ASSIGNED TASK
For this exercise, print the listing below exactly, without its pictures.
=== Begin Enclosure ===
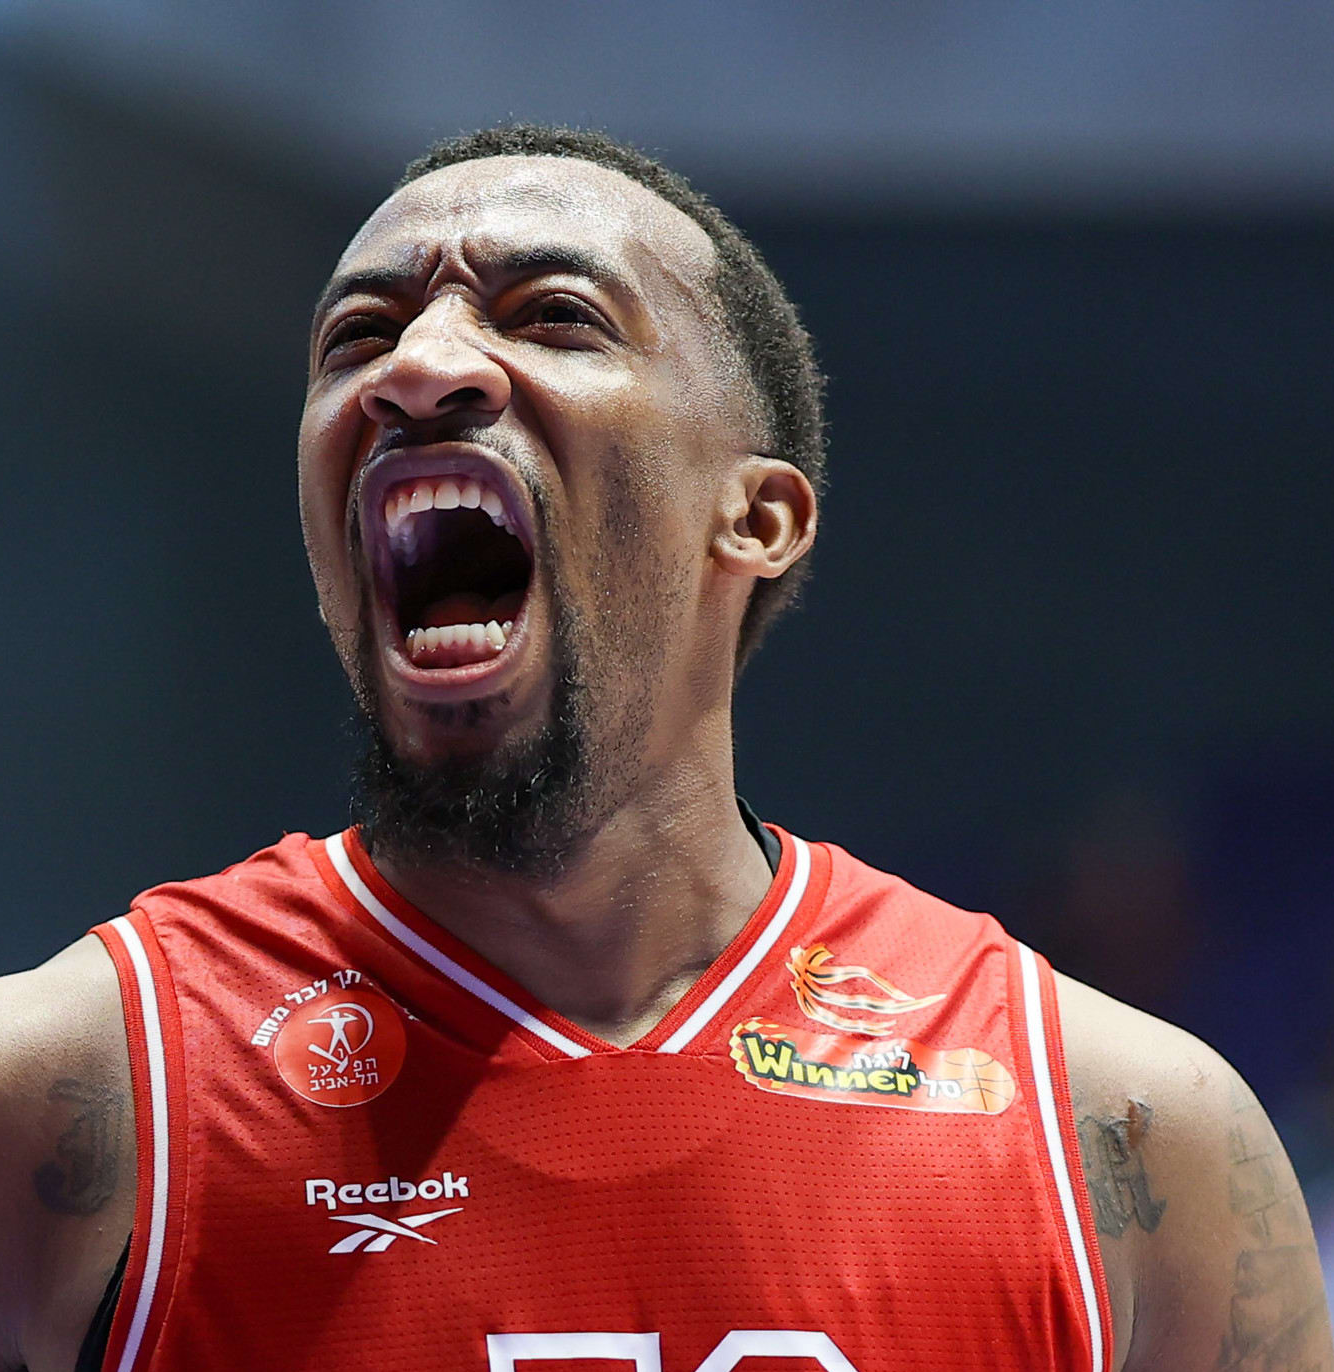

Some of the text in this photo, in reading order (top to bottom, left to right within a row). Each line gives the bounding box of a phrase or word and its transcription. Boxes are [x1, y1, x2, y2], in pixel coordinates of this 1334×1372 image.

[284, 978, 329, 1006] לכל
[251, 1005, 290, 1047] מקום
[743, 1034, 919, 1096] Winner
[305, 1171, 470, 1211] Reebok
=== End Enclosure ===
EXPECTED ANSWER
Some of the text in this photo, in reading order (top to bottom, left to right within a row). Each line gives the bounding box of a phrase or word and its transcription. Boxes are [x1, y1, x2, y2], in pixel coordinates of this 1334×1372 image.

[284, 978, 329, 1006] לכל
[251, 1005, 290, 1047] מקום
[743, 1034, 919, 1096] Winner
[305, 1171, 470, 1211] Reebok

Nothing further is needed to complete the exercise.